Beware: The guy who reads “Children of the Corn” (Bradley Lavelle) deploys an achingly bad Southern accent, and even I can tell, as a non-American. He reads the wife’s voice in a way which makes you want to jump out of the arguing couple’s moving car.

To be fair, that’s how Stephen King wrote her. And if you haven’t read this story yet, here’s your warning: “Children of the Corn” features a super annoying young couple who argue interminably on a long car trip West through Nebraska, and King hews mostly to the man’s point of view, which means we’ve got a Whiny Female (TM). A Stephen King specialty. He’s calmed that down in more recent work, but honestly. “The Jaunt” is another example. Partly it’s just bad writing, with overuse of words like “shriek” and “hysterical” (always applied to the women). I find it painful to read, and even more painful to hear read aloud.


“Children of the Corn” has enjoyed numerous popular film adaptations over the decades since the short story was first published in 1977.

These films score in the range of 3-6 on IMDb and when I say ‘6’, I mean 5.6.

Although the films aren’t exactly arthouse cinema, “Children of the Corn” has an important ecological message which only gets more urgent as the decades pass us by.

Over the past three centuries, we’ve been damaging our soil by planting monocrops in place of the naturally occurring local biota. This can’t continue forever. The film Interstellar (2014) begins with the premise that humankind have planted our last crop, and unless we find a new Earth, the population will starve to death.

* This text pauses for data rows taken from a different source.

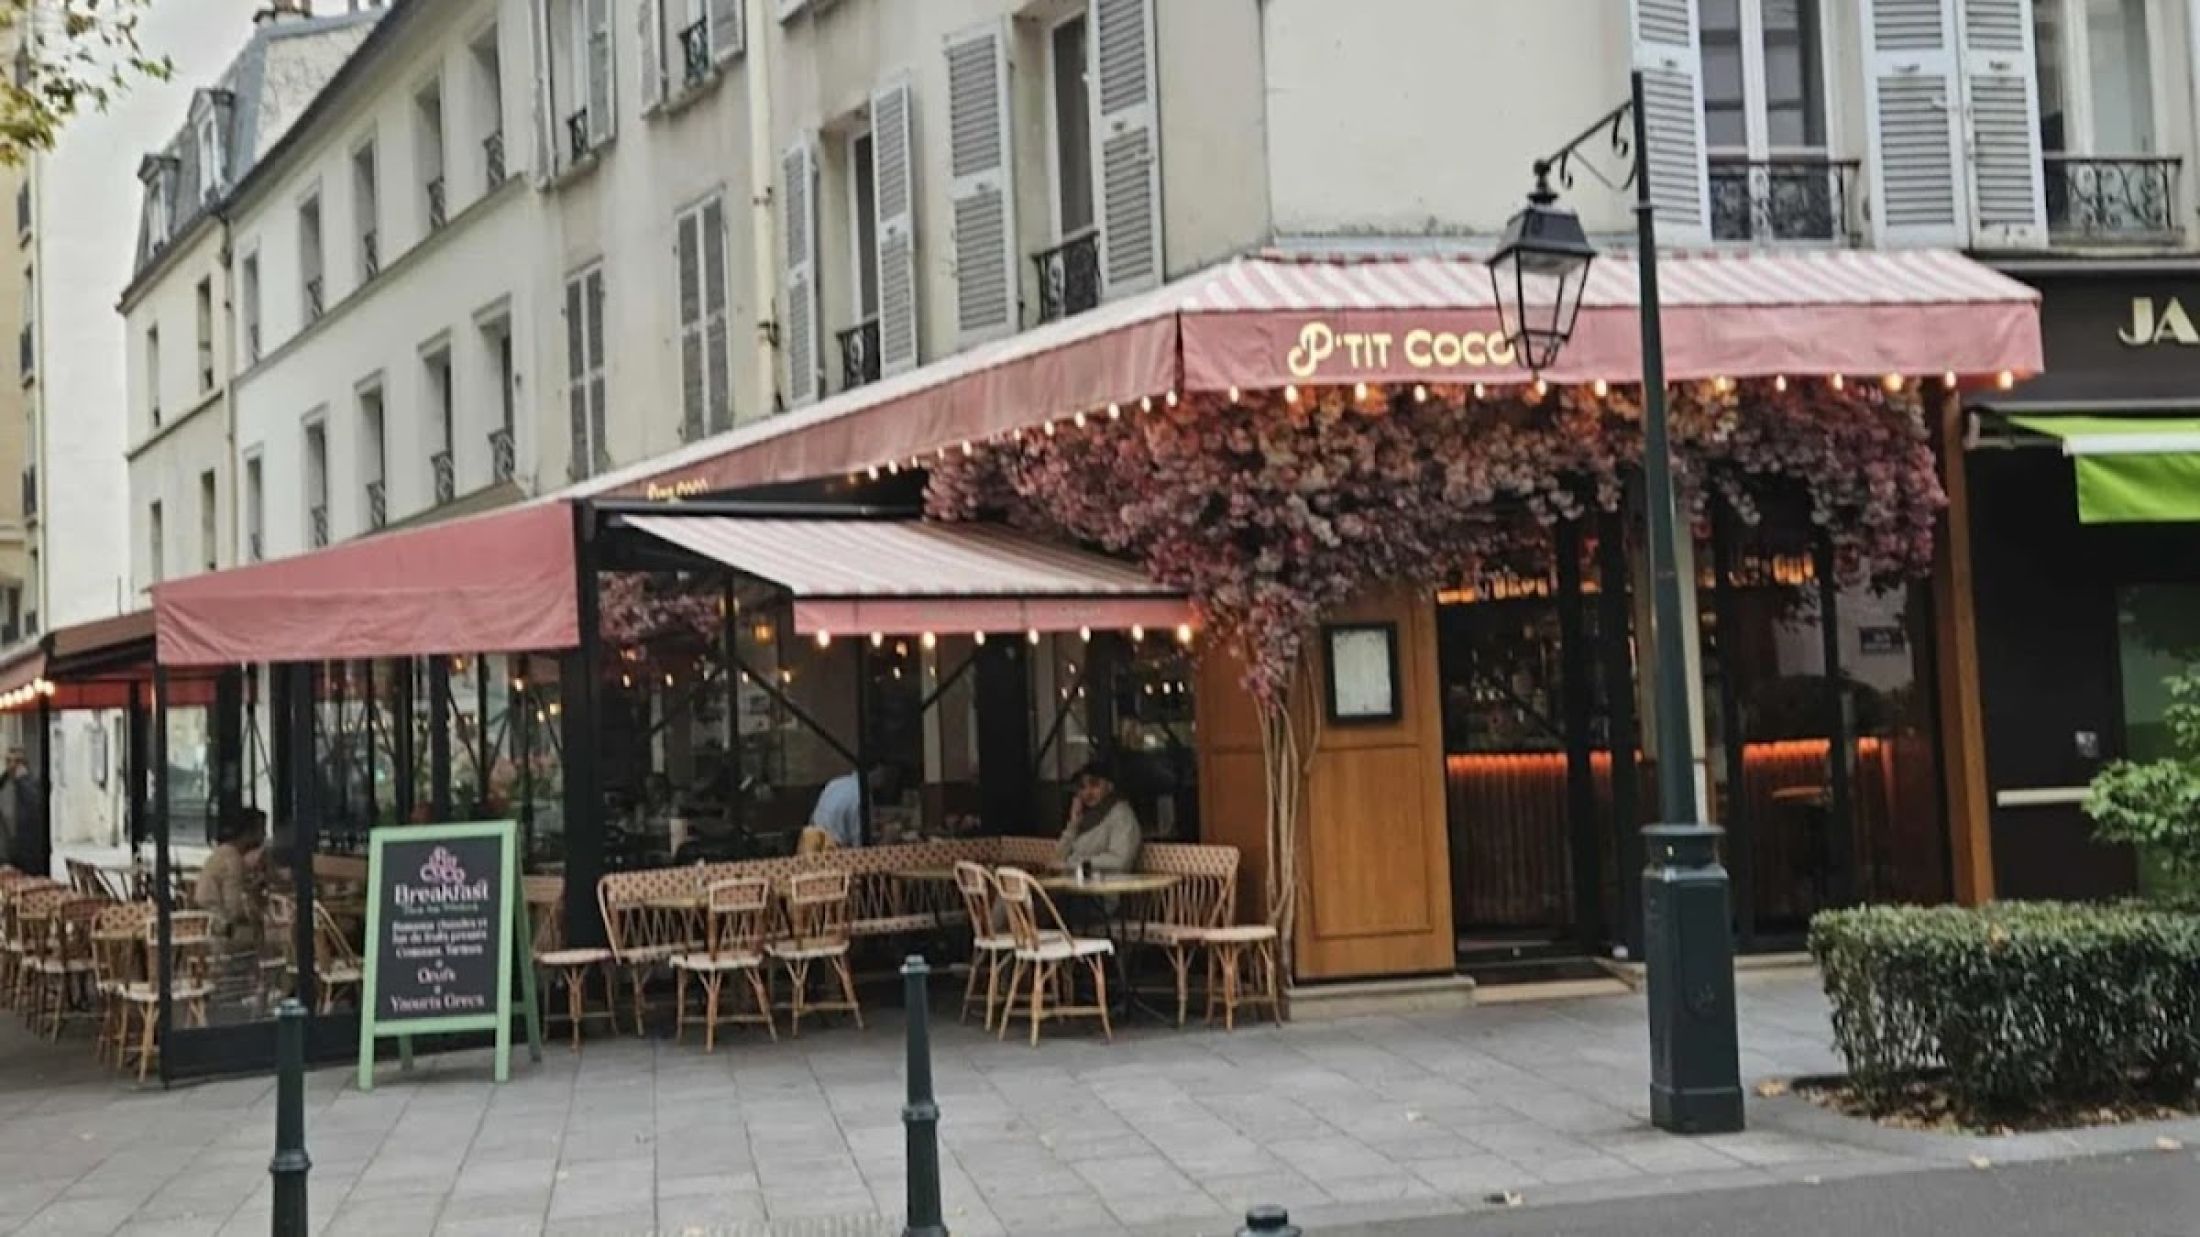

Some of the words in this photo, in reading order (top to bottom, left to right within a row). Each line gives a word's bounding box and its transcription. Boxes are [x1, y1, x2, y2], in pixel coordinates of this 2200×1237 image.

[2117, 296, 2200, 346] JA
[1287, 320, 1392, 377] P'TIT
[394, 879, 489, 905] Breakfast
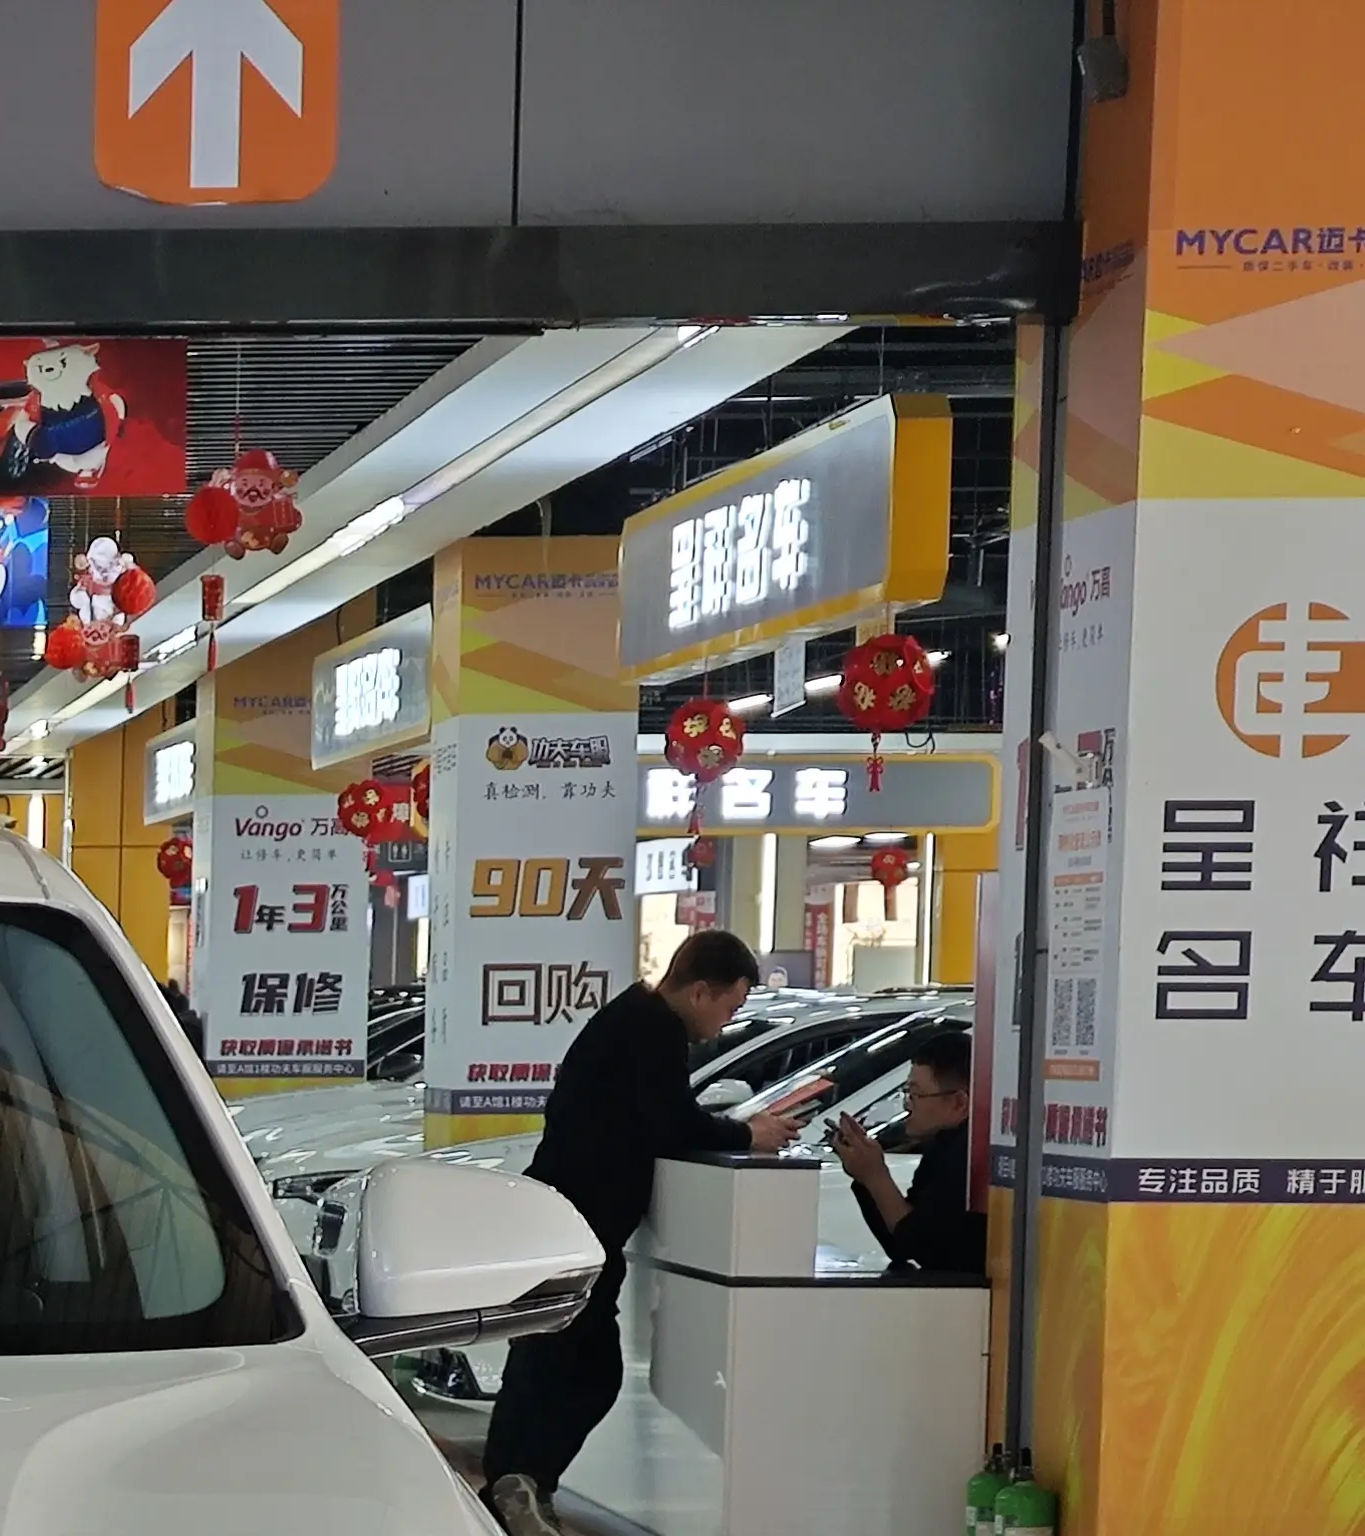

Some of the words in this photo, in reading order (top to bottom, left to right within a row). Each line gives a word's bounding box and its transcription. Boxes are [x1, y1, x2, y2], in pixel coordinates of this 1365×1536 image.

[235, 817, 303, 842] Vango
[469, 857, 626, 920] 90天
[240, 972, 343, 1015] 保修
[481, 961, 614, 1026] 回购
[467, 1064, 561, 1083] 获取质保
[1138, 1167, 1261, 1194] 专注品质

This particular story happens to feature corn, but might also feature as backdrop any number of crops such as wheat, maize, sugar, coffee, palm oil… and so on.

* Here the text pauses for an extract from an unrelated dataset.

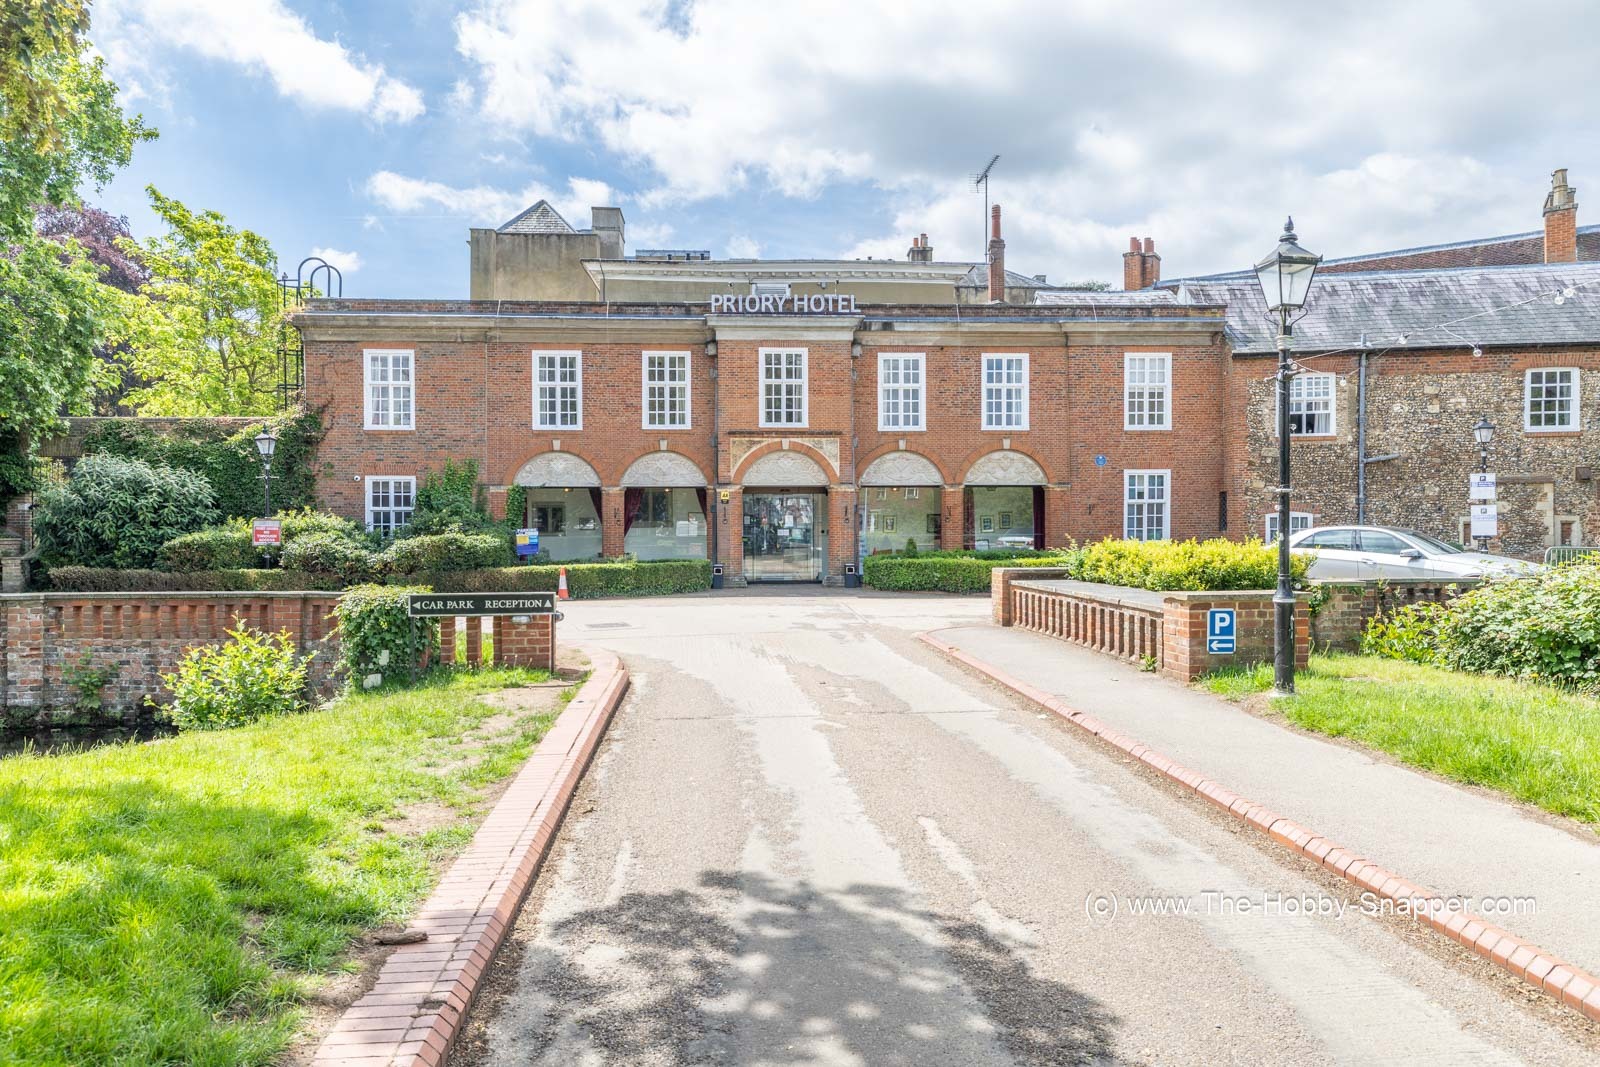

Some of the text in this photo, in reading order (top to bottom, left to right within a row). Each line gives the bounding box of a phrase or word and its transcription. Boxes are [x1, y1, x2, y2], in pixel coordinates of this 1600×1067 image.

[711, 294, 861, 313] PRIORY HOTEL
[421, 600, 474, 609] CAR PARK
[485, 600, 542, 608] RECEPTION
[1215, 613, 1230, 634] P

Green Giant Niblets Corn advertisement from the July 1947 issue of Life magazine, in which the corn is larger than Life.

Even when aiming for hygge, there’s something ominous about the children’s illustration below by Joan Walsh Anglund. For one thing, her girl character is about the closest the West has to Hello Kitty, the creepy Japanese kitty which stands for everything kawaii. (Neither this girl nor Hello Kitty has a mouth. Note that ‘kawaii’ does not simply mean ‘cute’ — there’s far more to it than that.)

Moreover, if the turkey eats the corn, the turkey will fatten up. Then what happens? This is basically the everyday version of Hansel and Gretel, except the girl without a mouth is the witch.

Joan Walsh Anglund turkey corn
Joan Walsh Anglund

In Little House in the Big Woods by Laura Ingalls Wilder, we learn about Susan, Laura’s homemade doll created from a corn cob. We have long personified the corn cob, and the tradition of the corncob dolly for little girls exemplifies this tendency.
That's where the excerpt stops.